Monday, July 30, 2012

#PayPal #fail


I wonder why PayPal write this in a refund email.
And then have this on their web site

Saturday, July 28, 2012

Happy Birthday Robert John Godfrey #Enidi


After a cracking 'family' lunch the Enidi ponder the meaning of life before the gig!

Thursday, July 19, 2012

When I said home was that way, 2.5 miles from home...

Rain and hail plummeted down and were really hurting!  My only waterproofing, a bright yellow helmet cover...

I got wetter than a wet thing and cycled through several puddles more than a few inches deep.  Some b•••••d car drivers didn't help.

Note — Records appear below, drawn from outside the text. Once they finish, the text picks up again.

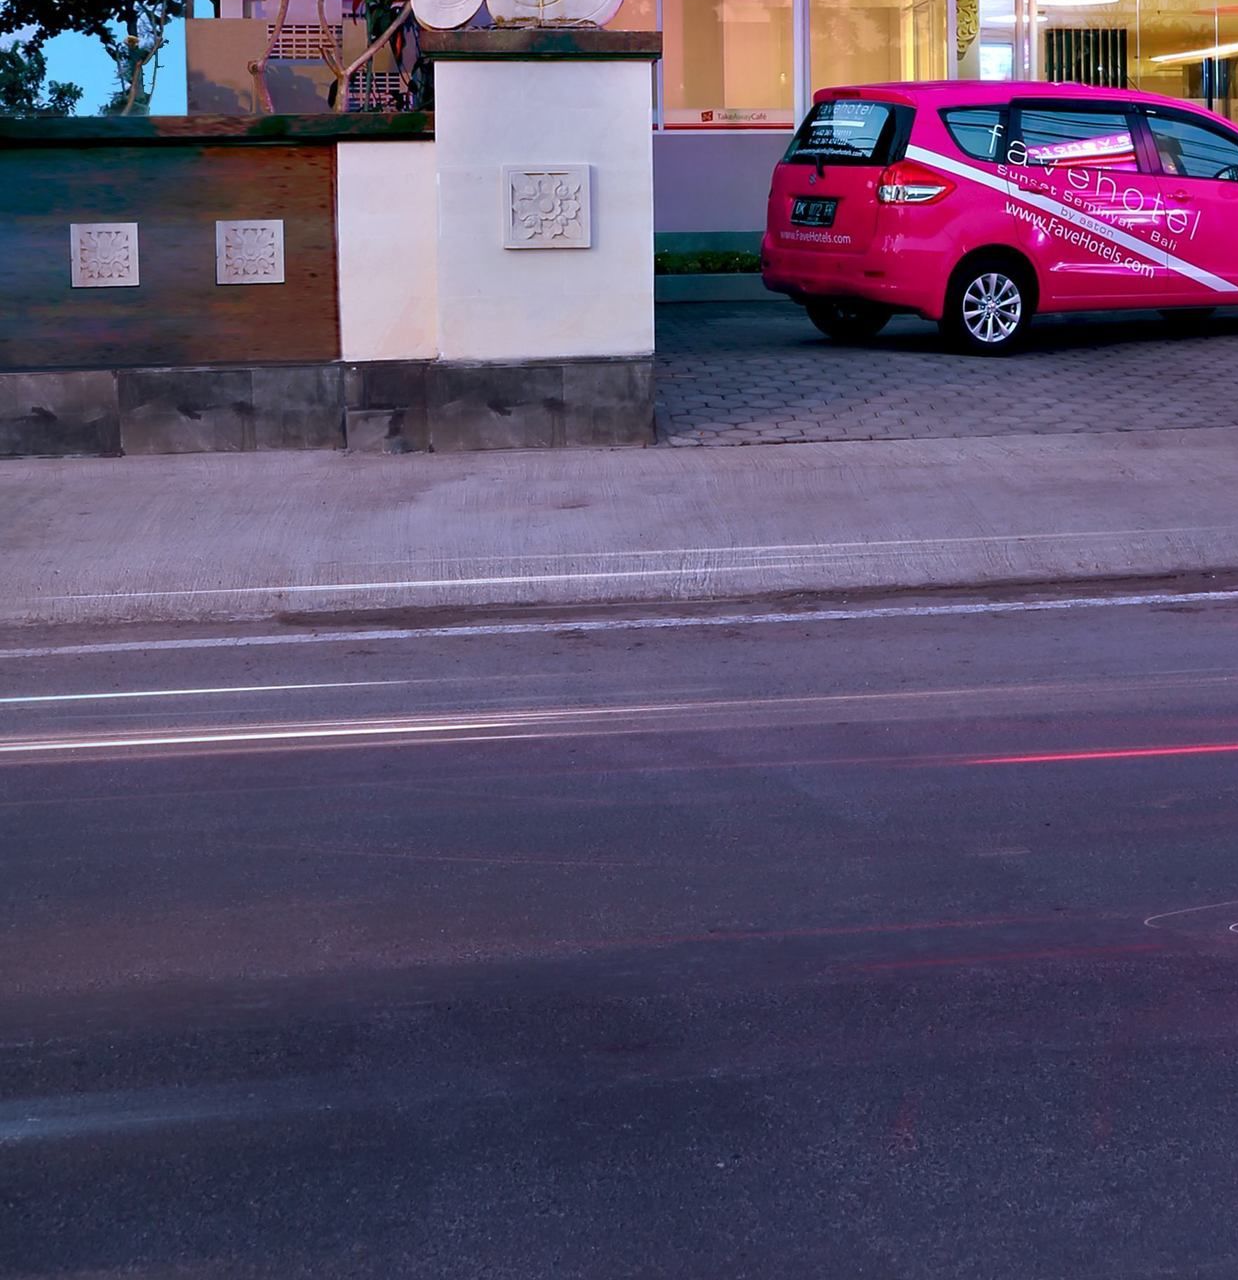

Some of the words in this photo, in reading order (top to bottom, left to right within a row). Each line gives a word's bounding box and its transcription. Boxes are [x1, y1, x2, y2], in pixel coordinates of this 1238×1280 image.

[988, 124, 1201, 240] favehotel
[996, 163, 1058, 196] Sunset
[1062, 189, 1137, 231] Seminyak
[1150, 230, 1178, 252] Bali
[780, 229, 852, 245] www.FaveHotels.com
[1004, 201, 1156, 279] www.FaveHotels.com
[1060, 206, 1075, 221] by
[1080, 215, 1115, 238] aston
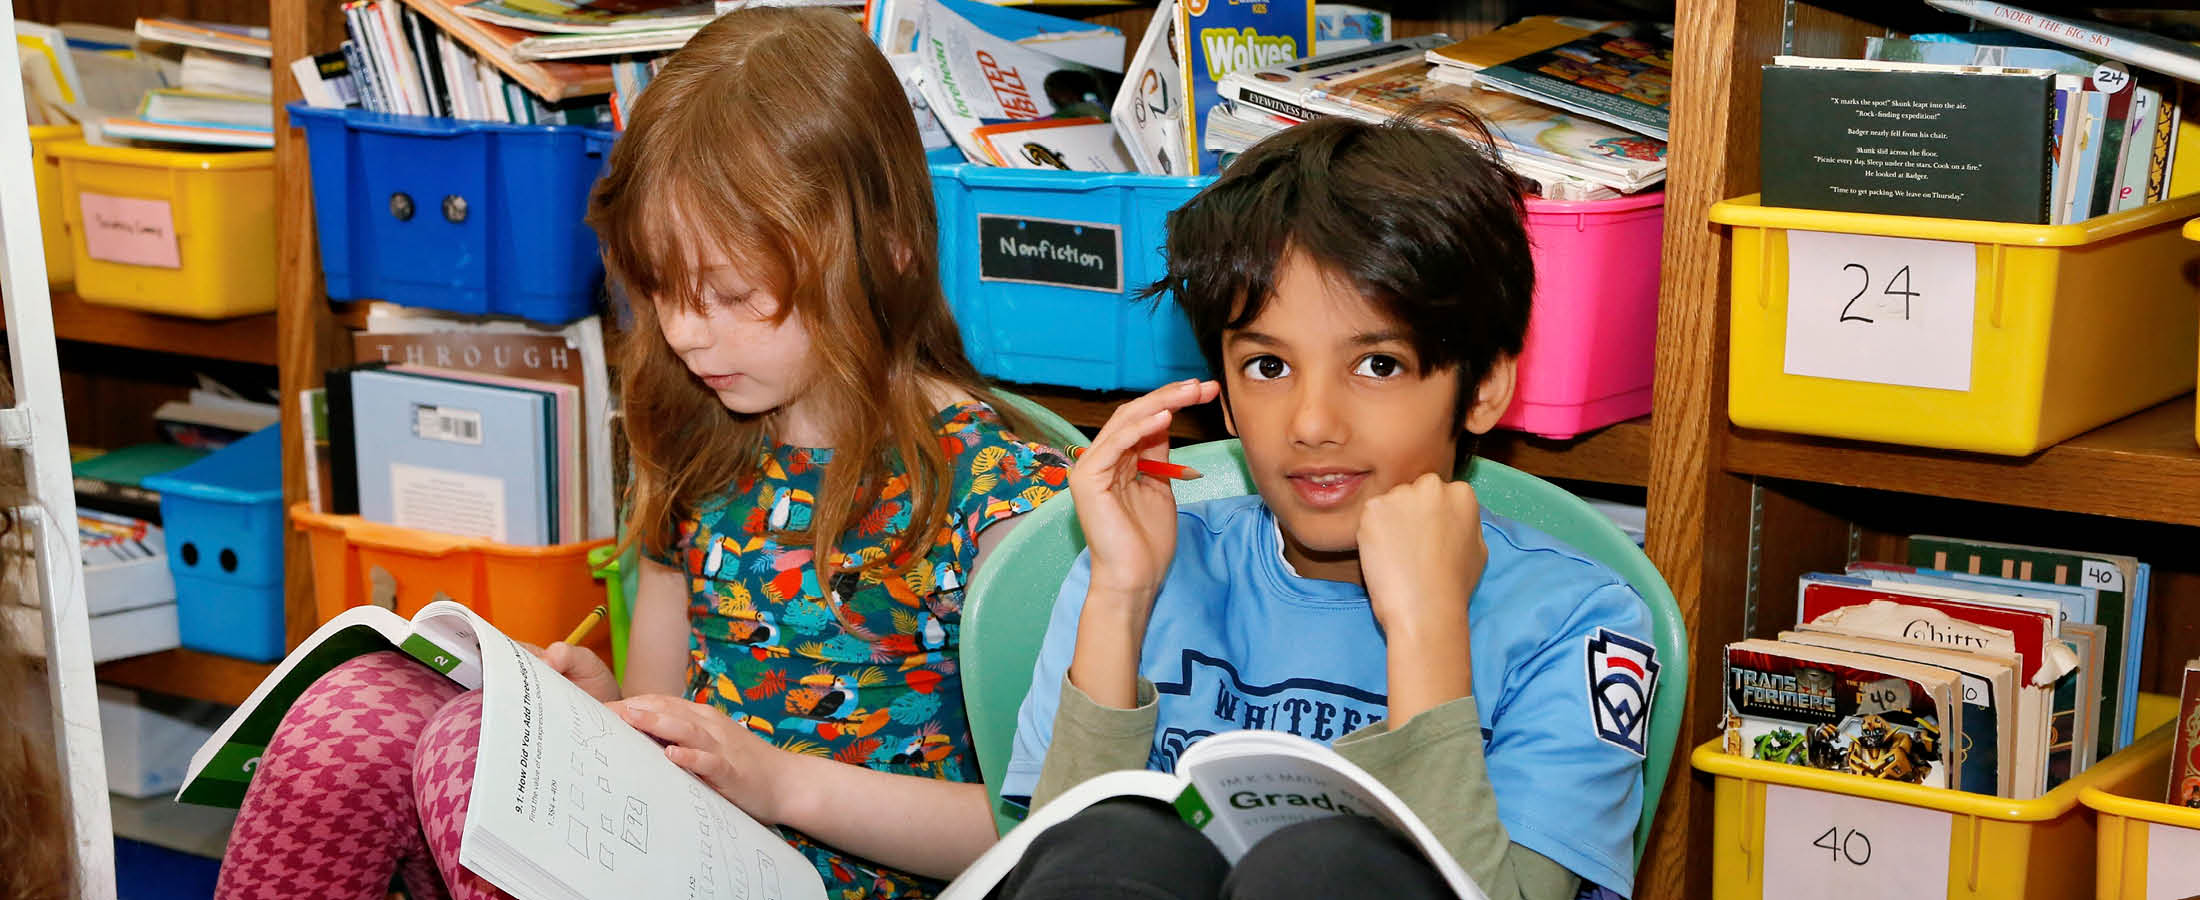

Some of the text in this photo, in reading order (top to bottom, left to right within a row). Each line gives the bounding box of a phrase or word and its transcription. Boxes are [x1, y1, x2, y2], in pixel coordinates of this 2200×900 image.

[1993, 6, 2112, 47] UNDER THE BIG SKY
[1206, 34, 1293, 75] Wolves
[2098, 71, 2124, 85] 24
[1250, 92, 1300, 117] EYEWITNESS
[1892, 100, 1911, 108] Skunk
[1912, 101, 1928, 109] leapt
[1848, 128, 1869, 136] Badger
[1905, 172, 1928, 180] Badger.
[1906, 190, 1921, 198] leave
[1000, 237, 1104, 271] Nonfiction
[1840, 263, 1921, 323] 24
[376, 344, 568, 369] THROUGH
[2089, 568, 2112, 584] 40
[434, 655, 449, 667] 2
[1731, 667, 1797, 691] TRANS
[1743, 685, 1836, 713] FORMERS
[1871, 688, 1896, 711] 40
[523, 706, 531, 729] Add
[522, 729, 530, 748] You
[520, 748, 529, 768] Did
[536, 759, 541, 769] of
[517, 769, 527, 794] How
[515, 794, 525, 815] 9.1:
[531, 791, 539, 805] the
[529, 804, 537, 823] Find
[1813, 826, 1872, 866] 40

My shoes are still drying out!

Before the storm, cygnets counted and still 6!


Tuesday, July 17, 2012

#H2G2 well, I've parked my car…

but I don't think that means I have  a brain the size of a planet...

Sunday, July 15, 2012

#RaspberryJam Cambridge - the starting point of something quite special?

Today was a really great day at RaspberryJam; a well managed and timed series of short sharp presentations on what people thought of the Pi, had done with the Pi, had done *to* the Pi (addons etc), and would like to do to the Pi!

Sitting in the crowd the image I took below struck me as reminiscent of something
My friend, @JerryDHarper who was photographing the event for the organisers took this one [coming soon!], which much better illustrates my thinking.


The image that stuck in my mind?  This one

The Home Brew Club Home Brew Club  in 1979.


With the hindsight of three decades, we can see that this club helped start many careers and business (see the Wikipedia link above for more details) - if you want to read more about that era and what came from it, I recommend reading Stephen Levy's book Hackers which I (quite oddly) found on sale in the second hand section of a hotel in Pico in the Azores some years ago.  You can currently buy it second hand from Amazon and Abebooks

More links here:
http://opencollector.org/history/homebrew/index.html
and
http://www.bambi.net/bob/homebrew.html

So, will we look back in 5 or 15 years (things move faster now!) and see an organisation and product that has become folklore in our industry and the source from which many good things sprang?

Comments invited!

Saturday, July 14, 2012

Meet my friends…

At the beginning of the year when (after about 30 years off the bike) I started training for the Help For Heroes Big Battlefield Bike Ride my early runs barely left the house and left me knackered!
As a sharp winter evolved into a wet, cold, breezy, spring my training runs extended and I took in a stretch of country road (1 car wide, no road paint, poor surface) alongside a stretch of river. Within a few weeks I spotted a couple of swan who had setup a nest and were caring for 7 eggs.






Although most times I would whizz (well, whizz-ish) by on a few occasions I would stop and take a few pictures - more interesting as the nest appeared to be mobile and was to be found anywhere in a 2-300 yard stretch of the river.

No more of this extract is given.